Streaming Edge Coloring with Subquadratic Palette Size
Shiri Chechik, Doron Mukhtar, Tianyi Zhang
TL;DR
This paper tackles one-pass edge-coloring in the W-streaming model under adversarial input with near-linear space. It introduces a phase-based, randomized algorithm that partitions the stream and uses multiple palettes alongside per-vertex random offsets to color edges while pushing uncolorable edges to a recursive virtual stream. The main contribution is a subquadratic palette size bound: $\tilde{O}(Δ^{1.5})$ colors in $\tilde{O}(n)$ space in expectation, applicable to adversarial order streams. The approach extends to unknown $Δ$ and can achieve high-probability guarantees, advancing the longstanding open problem of achieving $O(Δ)$-coloring in this model.
Abstract
In this paper, we study the problem of computing an edge-coloring in the (one-pass) W-streaming model.
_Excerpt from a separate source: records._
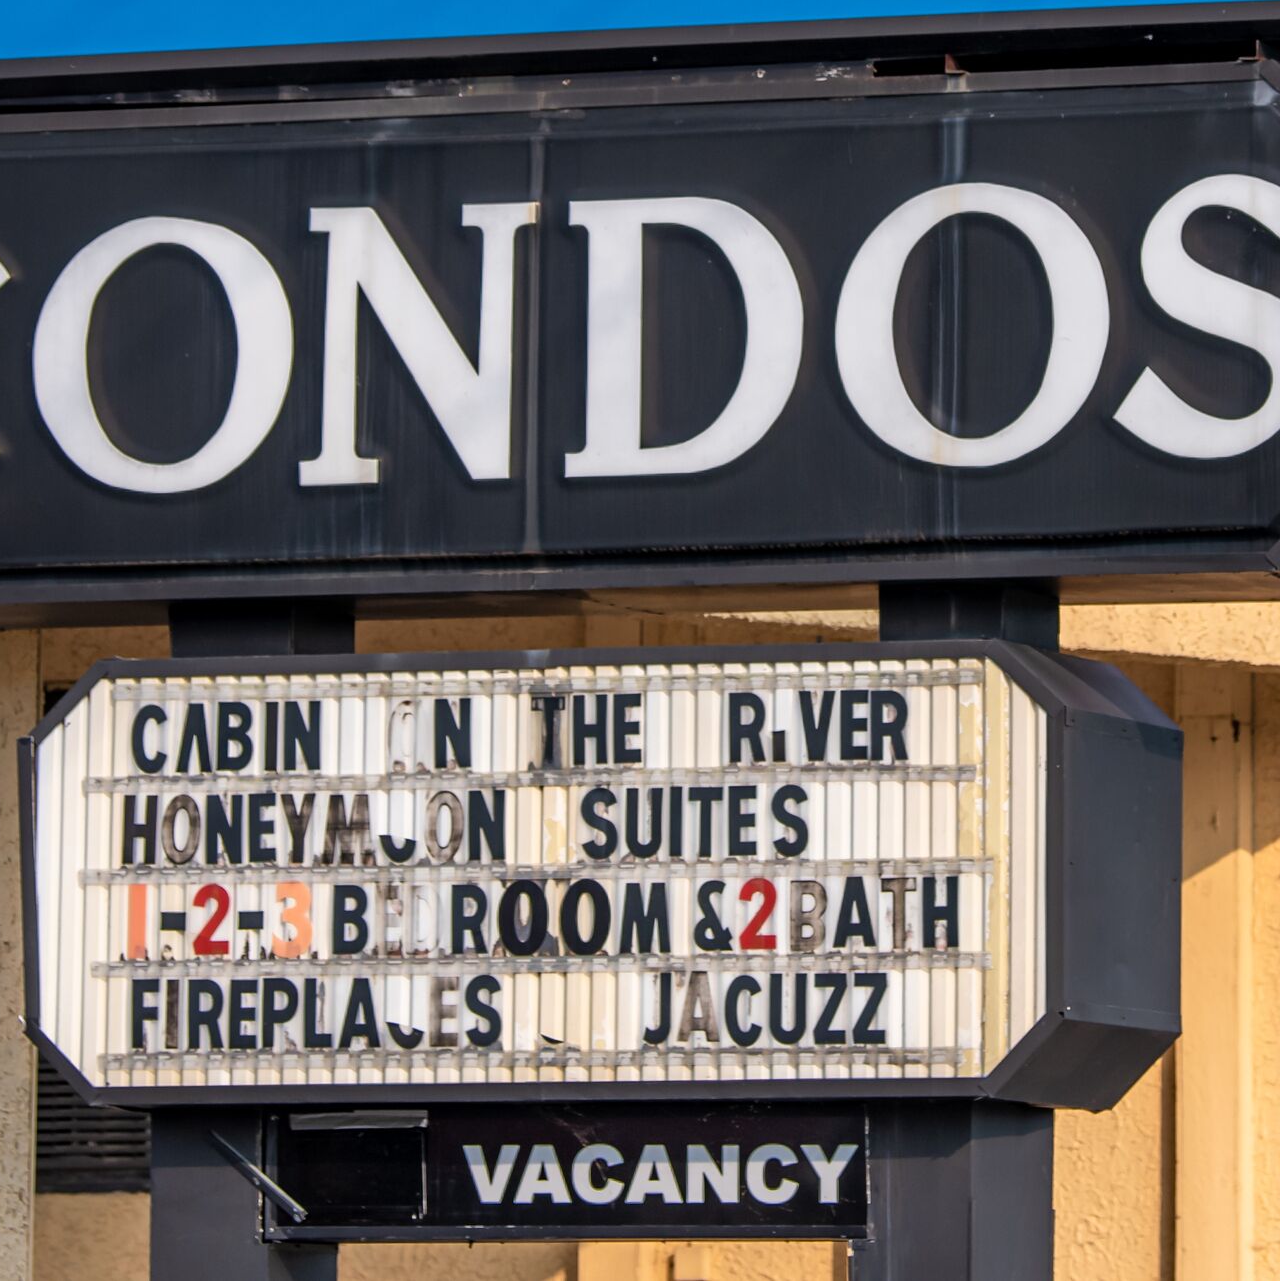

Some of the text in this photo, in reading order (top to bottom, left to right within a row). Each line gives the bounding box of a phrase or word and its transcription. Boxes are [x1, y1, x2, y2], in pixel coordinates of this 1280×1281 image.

[131, 700, 321, 774] CABIN
[531, 692, 642, 766] THE
[580, 784, 809, 860] SUITES
[332, 878, 671, 957] BEROOM
[643, 970, 888, 1047] JACUZZ
[462, 1144, 859, 1205] VACANCY
In this setting, the edges of an $n$-node graph arrive in an arbitrary order to a machine with a relatively small space, and the goal is to design an algorithm that outputs, as a stream, a proper coloring of the edges using the fewest possible number of colors. Behnezhad et al. [Behnezhad et al., 2019] devised the first non-trivial algorithm for this problem, which computes in $\tilde{O}(n)$ space a proper $O(Δ^2)$-coloring w.h.p. (here $Δ$ is the maximum degree of the graph). Subsequent papers improved upon this result, where latest of them [Ansari et al., 2022] shows that it is possible to deterministically compute an $O(Δ^2/s)$-coloring in $O(ns)$ space. However, none of the improvements, succeeded in reducing the number of colors to $O(Δ^{2-ε})$ while keeping the same space bound of $\tilde{O}(n)$. In particular, no progress was made on the question of whether computing an $O(Δ)$-coloring is possible with roughly $O(n)$ space, which was stated in [Behnezhad et al., 2019] to be a major open problem. In this paper we bypass the quadratic bound by presenting a new randomized $\tilde{O}(n)$-space algorithm that uses $\tilde{O}(Δ^{1.5})$ colors.